Billy here. The one roof we all share is the sky itself. Between spring rain and storm we can glimpse the last of the setting Seven Sisters in the West, the Pleiades star cluster (I love that the Zuni call them the Seeds). In the last few thousand years, the seventh star has dimmed, so it looks to be, in most city skies, only six stars.

Most of the five visible planets are observable in the early evening, including Jupiter, Venus and Saturn. Mars was lost in the glare of dusk early this month and will be in conjunction with the Sun on June 14th. Mars will reappear in July. Mercury is lost to dusk this weekend, reemerging about the time Mars conjuncts the Sun. There are a few minor meteor showers happening over the next few months to keep us sated until the Perseids delight us in August.

Keep a special eye out for Saturn this week, which is in opposition to the Sun on the 22nd of May. This means that Earth is exactly between the Sun and Saturn. Not only is Saturn closest to Earth at this point of the year, it is brightening steadily as the rings widen to their maximum in 2017. If you have a telescope or even binoculars, this is a great time to look for Saturn’s rings as it rises in the East after sunset. A medium telescope in good conditions may resolve as many as five of Saturn’s 62 known moons, though I’ve only consistently spotted the largest moon, Titan. Saturn takes roughly 29.45 years to orbit the sun, which means that oppositions happen at this frequency as well. In another 14.725 years Saturn will be halfway through its cycle again, conjunct with the Sun. What were you doing about 15 years ago? 30 years ago? What were you starting? What were you dreaming about? Fifteen years ago I had just moved out of my parent’s house; I was making indie B movies with my friends and dreaming of being a successful film score composer. I tripped over some stumbling blocks on the way and ended up helping my family run a successful coffee shop instead. Alas, I’d take artistic success over entrepreneurial success any day, but it’s not too late to start over!

Just now, our spacecraft Dawn has gone into orbit around the dwarf planet Ceres, which orbits in the asteroid belt between Mars and Jupiter past another dwarf planet Vesta. Ceres, surprisingly spherical in shape, is the largest object in the asteroid belt and is about 2.5 times smaller than the dwarf planet Pluto. Dawn has revealed some interesting bright spots on the surface of Ceres in a crater of its northern hemisphere. Is it reflective water ice? Is water, a building block of life as we know it, much more abundant than we dare imagine? Is the propensity for life and all of its creativity much more abundant than we dare imagine?

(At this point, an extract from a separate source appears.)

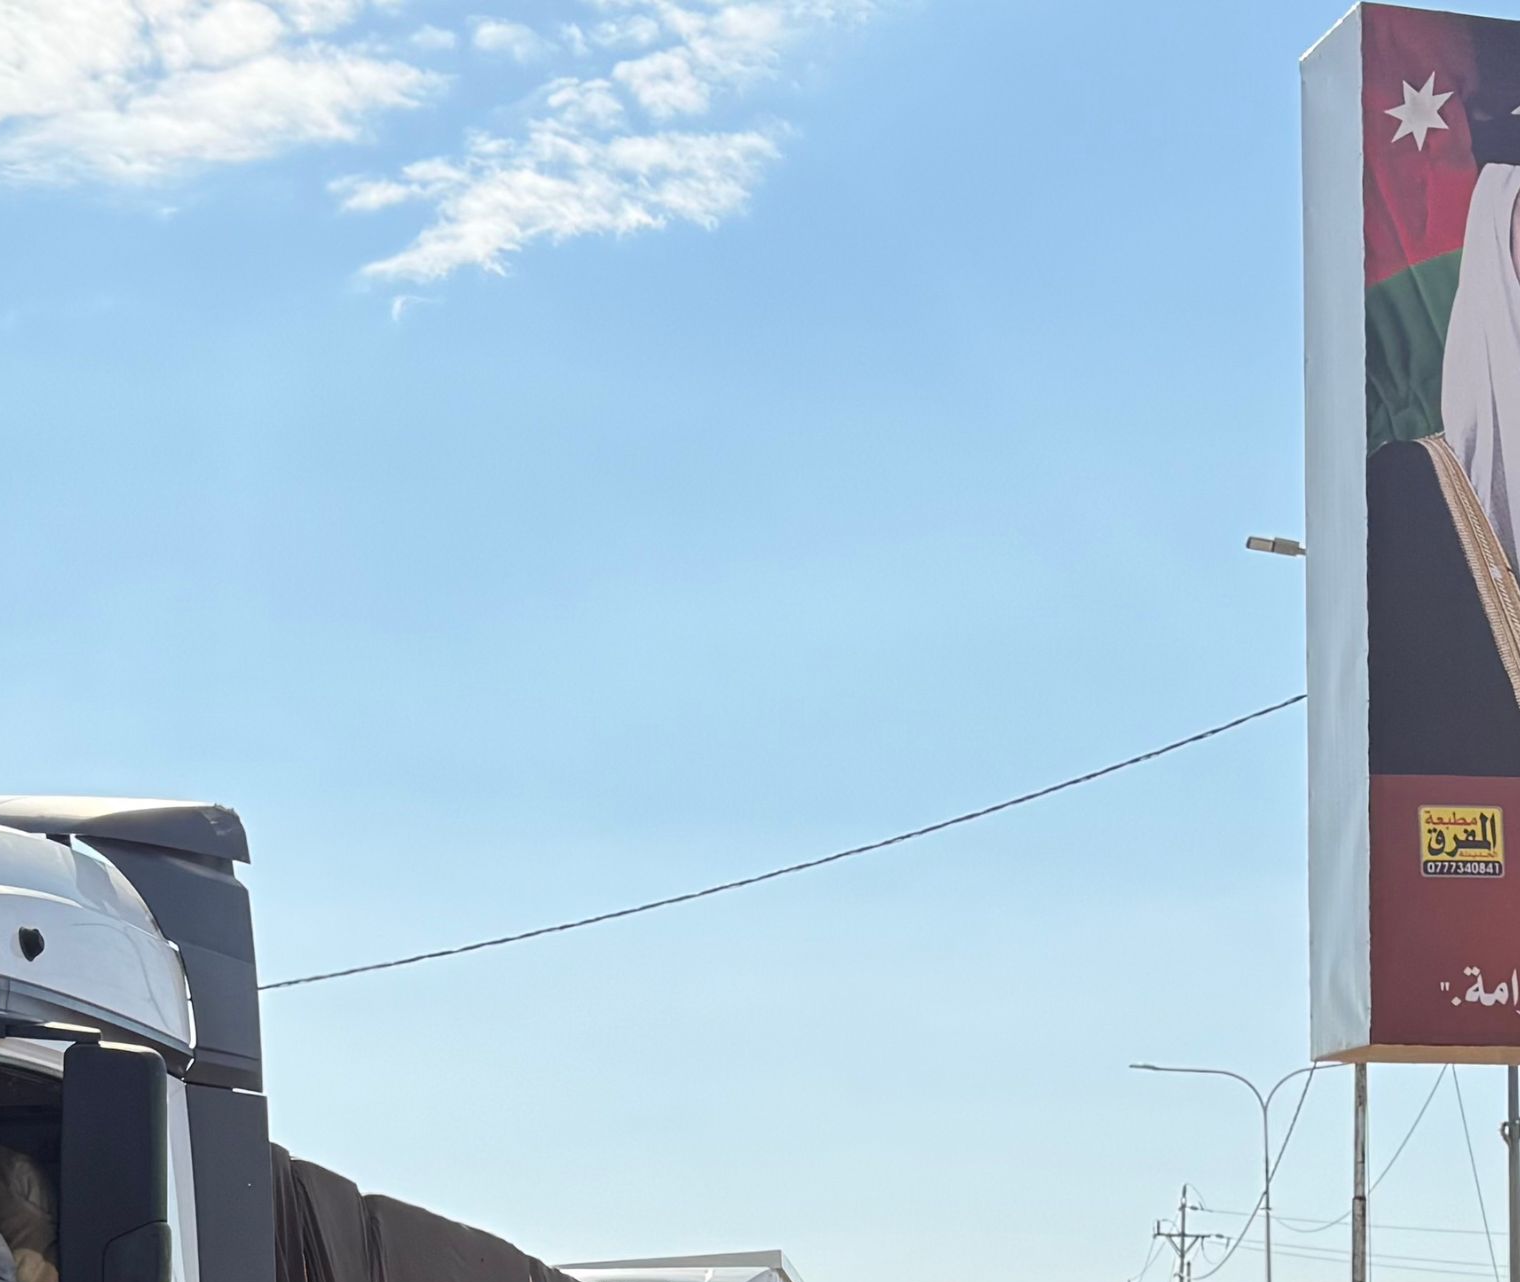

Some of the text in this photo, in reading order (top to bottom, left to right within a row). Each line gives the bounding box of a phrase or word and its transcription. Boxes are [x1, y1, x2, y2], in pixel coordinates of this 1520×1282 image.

[1424, 810, 1478, 829] مطبعة
[1427, 812, 1497, 858] المفرق
[1427, 862, 1500, 874] 0777340841

How is this related to creating our own dwellings? Creating a home for ourselves starts, for me, in the my heart and in the cosmos beyond the atmosphere of Earth. Feeling intimate with the seasons and the movements of the planets is the foundation of building a home that has meaning for us. Old villages and ancient city-states were laid out according to the rising Sun, Moon and Stars. The very streets were maps of the greater Universe. The inner world was a mirror to the outer solar system and beyond.

In Peter Turchi’s book, Maps of the Imagination, he relates how in the 17th century a name was needed for a book of maps, as there was no common word for such a thing. Several words were suggested, including, quite interestingly, the words mirror and theater. The word that was settled upon was a Greek mythological reference: Atlas. How we organize the world, is it a reflection, a story we tell ourselves? And do we not build our homes to reflect these stories?

One could say, with satellite imagery, that we are strict realists these days…but that leaves out every intangible, dreaming thing…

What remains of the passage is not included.